Collected data:
########

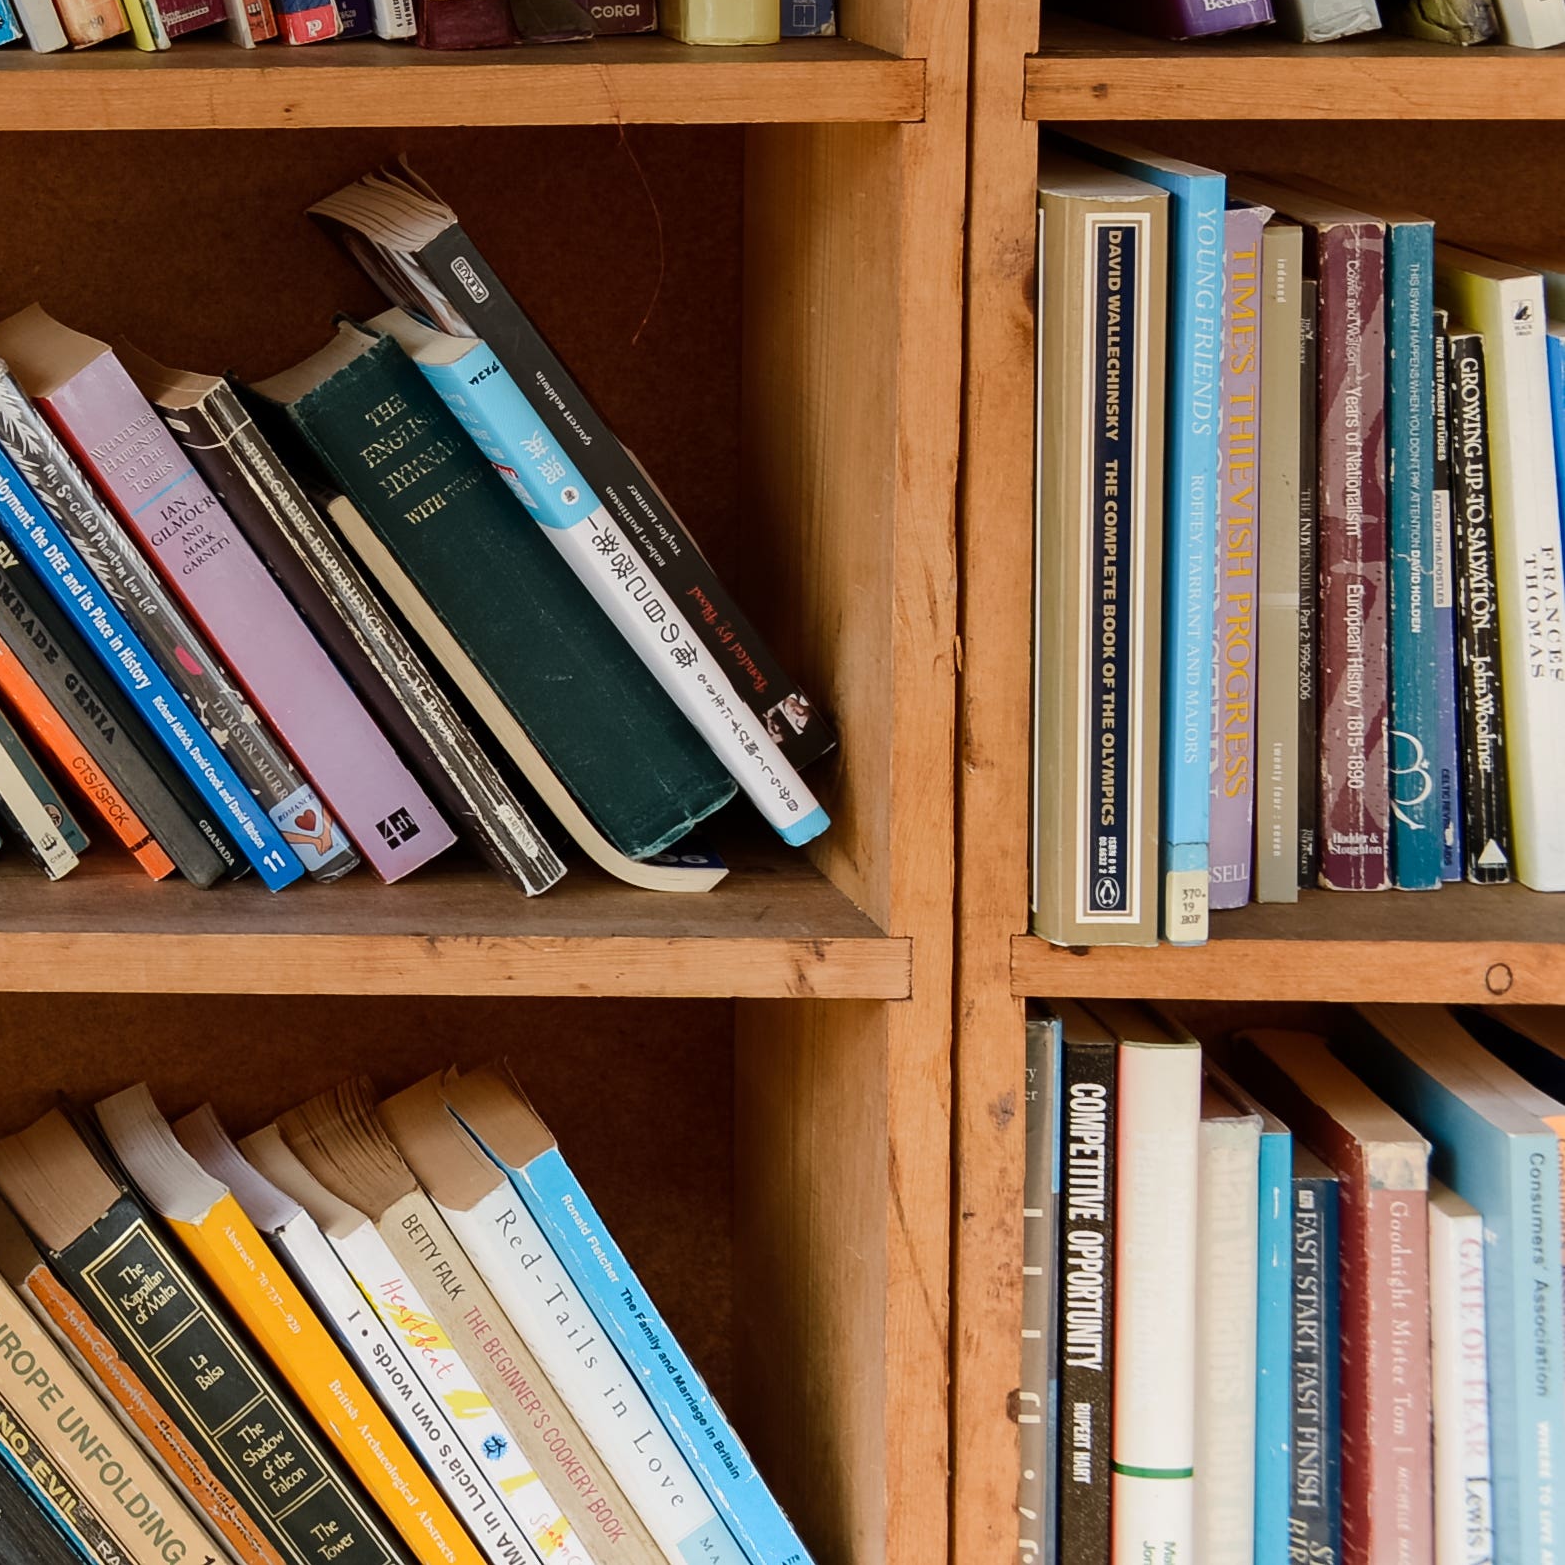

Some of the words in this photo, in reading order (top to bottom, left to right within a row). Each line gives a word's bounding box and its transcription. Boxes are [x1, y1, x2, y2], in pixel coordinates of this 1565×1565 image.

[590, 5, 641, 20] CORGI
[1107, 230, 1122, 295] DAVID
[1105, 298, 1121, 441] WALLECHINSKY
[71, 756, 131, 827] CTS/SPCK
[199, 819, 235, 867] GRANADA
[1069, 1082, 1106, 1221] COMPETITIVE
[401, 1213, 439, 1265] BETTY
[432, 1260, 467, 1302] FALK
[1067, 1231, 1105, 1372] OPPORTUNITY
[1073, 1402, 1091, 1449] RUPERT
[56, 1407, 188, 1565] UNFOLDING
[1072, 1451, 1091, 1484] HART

########

Task details:
Repeat every entry above word for word, and include no pictures.

Result of this task:
Some of the words in this photo, in reading order (top to bottom, left to right within a row). Each line gives a word's bounding box and its transcription. Boxes are [x1, y1, x2, y2], in pixel coordinates of this 1565×1565 image.

[590, 5, 641, 20] CORGI
[1107, 230, 1122, 295] DAVID
[1105, 298, 1121, 441] WALLECHINSKY
[71, 756, 131, 827] CTS/SPCK
[199, 819, 235, 867] GRANADA
[1069, 1082, 1106, 1221] COMPETITIVE
[401, 1213, 439, 1265] BETTY
[432, 1260, 467, 1302] FALK
[1067, 1231, 1105, 1372] OPPORTUNITY
[1073, 1402, 1091, 1449] RUPERT
[56, 1407, 188, 1565] UNFOLDING
[1072, 1451, 1091, 1484] HART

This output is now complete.